Activity - Would you return each entry exactly as written, omitting any pictures?

Supplied material -

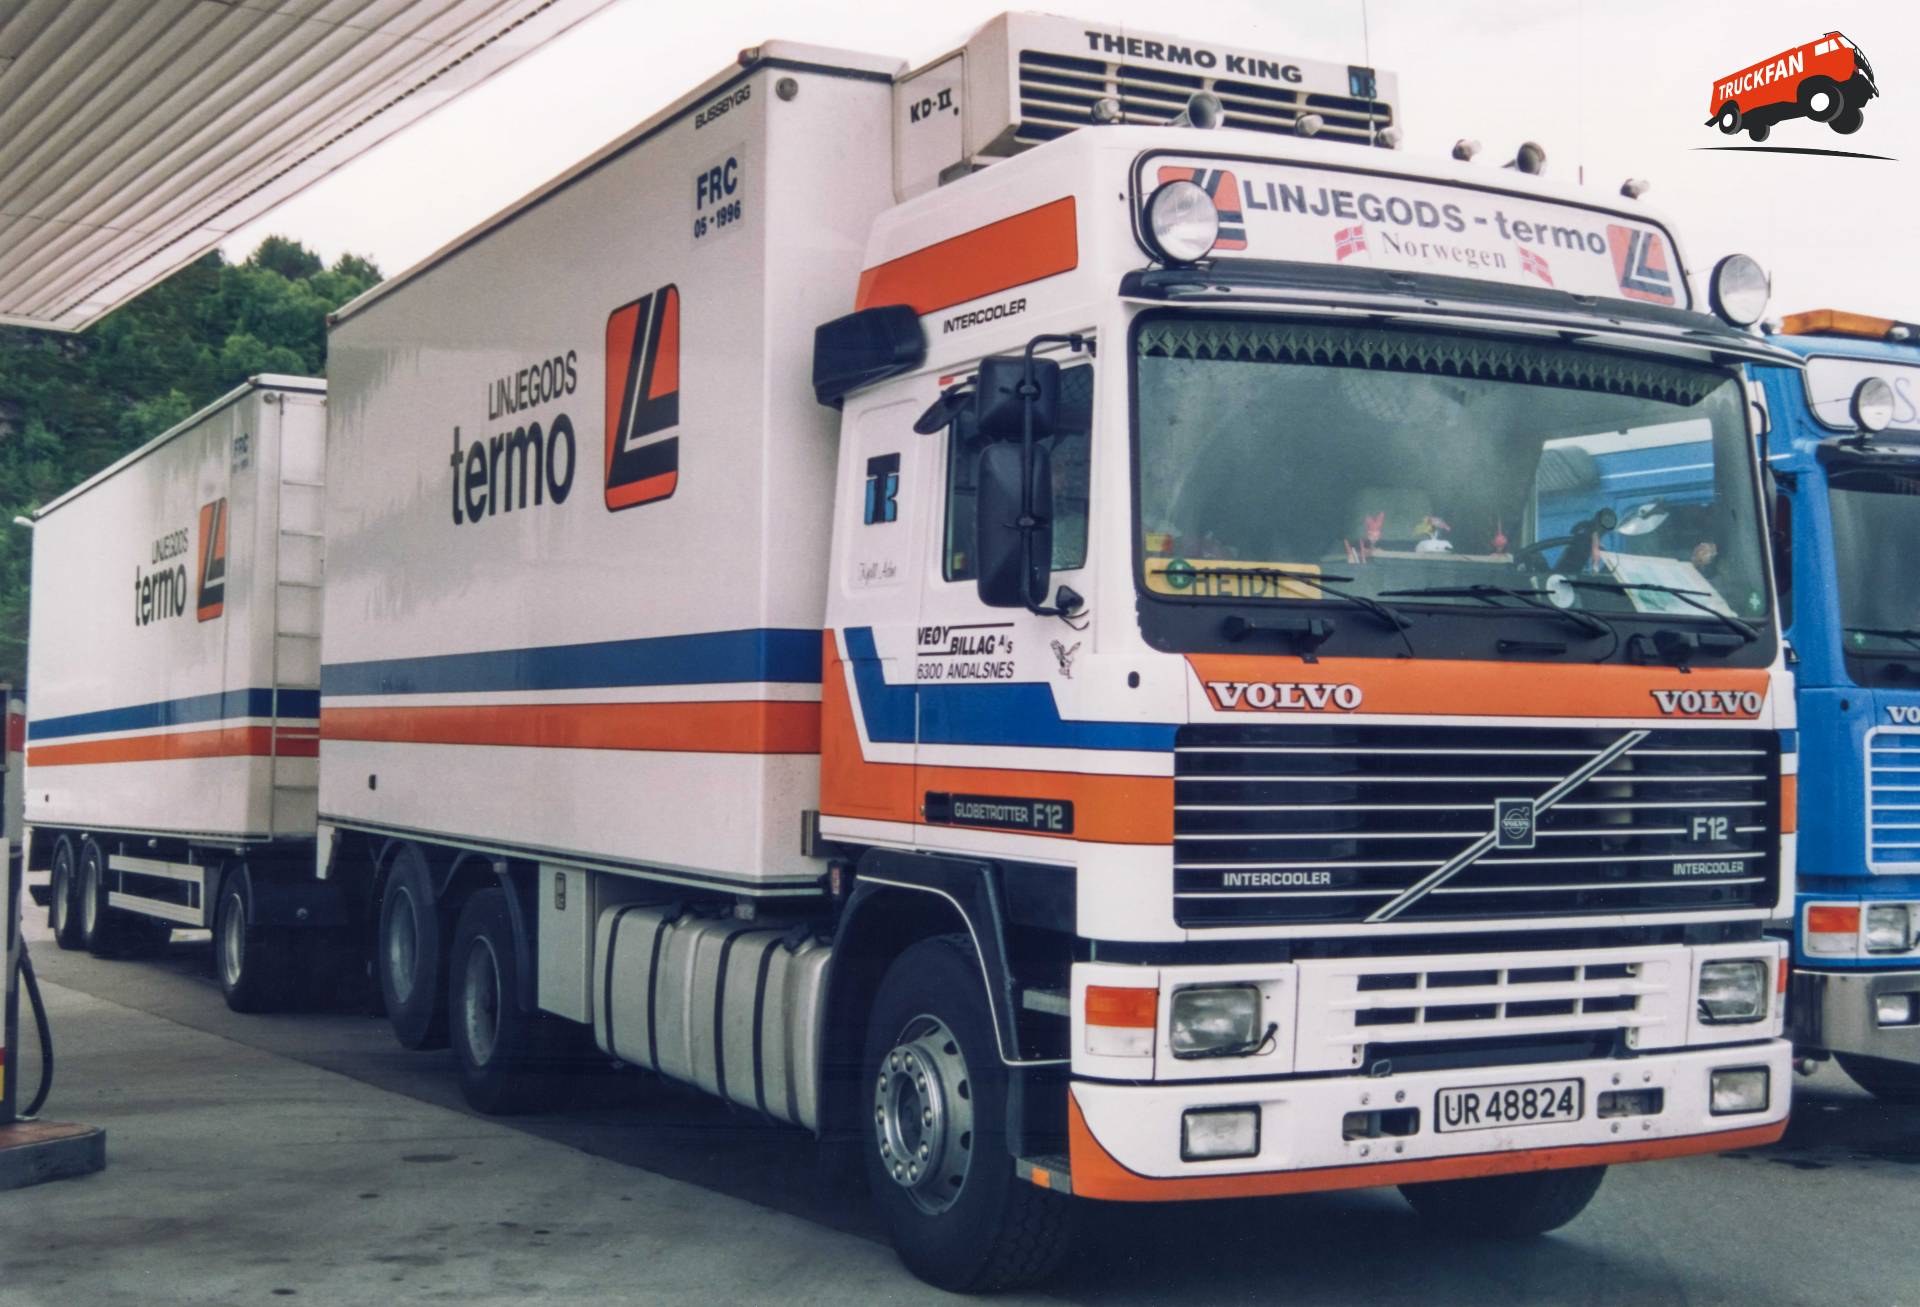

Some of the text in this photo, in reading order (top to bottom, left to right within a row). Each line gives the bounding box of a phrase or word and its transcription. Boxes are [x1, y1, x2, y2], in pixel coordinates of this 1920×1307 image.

[1084, 31, 1303, 83] THERMO KING
[697, 157, 738, 211] FRC
[1244, 180, 1465, 233] LINJEGODS
[1495, 211, 1606, 256] termo
[1382, 231, 1507, 270] Norwegen
[943, 298, 1026, 334] INTERCOOLER
[488, 349, 577, 421] LINJEGODS
[450, 413, 576, 525] termo
[135, 563, 187, 627] termo
[917, 626, 951, 646] VEØY
[949, 635, 996, 656] BILLAG
[917, 662, 943, 679] 6300
[1207, 681, 1363, 710] VOLVO
[1652, 690, 1762, 715] VOLVO
[953, 802, 1064, 830] GLOBETROTTER F12
[1692, 816, 1729, 841] F12
[1223, 871, 1332, 887] INTERCOOLER
[1673, 861, 1744, 876] INTERCOOLER
[1444, 1086, 1575, 1126] UR 48824

Solution to the exercise -
Some of the text in this photo, in reading order (top to bottom, left to right within a row). Each line gives the bounding box of a phrase or word and its transcription. Boxes are [x1, y1, x2, y2], in pixel coordinates of this 1920×1307 image.

[1084, 31, 1303, 83] THERMO KING
[697, 157, 738, 211] FRC
[1244, 180, 1465, 233] LINJEGODS
[1495, 211, 1606, 256] termo
[1382, 231, 1507, 270] Norwegen
[943, 298, 1026, 334] INTERCOOLER
[488, 349, 577, 421] LINJEGODS
[450, 413, 576, 525] termo
[135, 563, 187, 627] termo
[917, 626, 951, 646] VEØY
[949, 635, 996, 656] BILLAG
[917, 662, 943, 679] 6300
[1207, 681, 1363, 710] VOLVO
[1652, 690, 1762, 715] VOLVO
[953, 802, 1064, 830] GLOBETROTTER F12
[1692, 816, 1729, 841] F12
[1223, 871, 1332, 887] INTERCOOLER
[1673, 861, 1744, 876] INTERCOOLER
[1444, 1086, 1575, 1126] UR 48824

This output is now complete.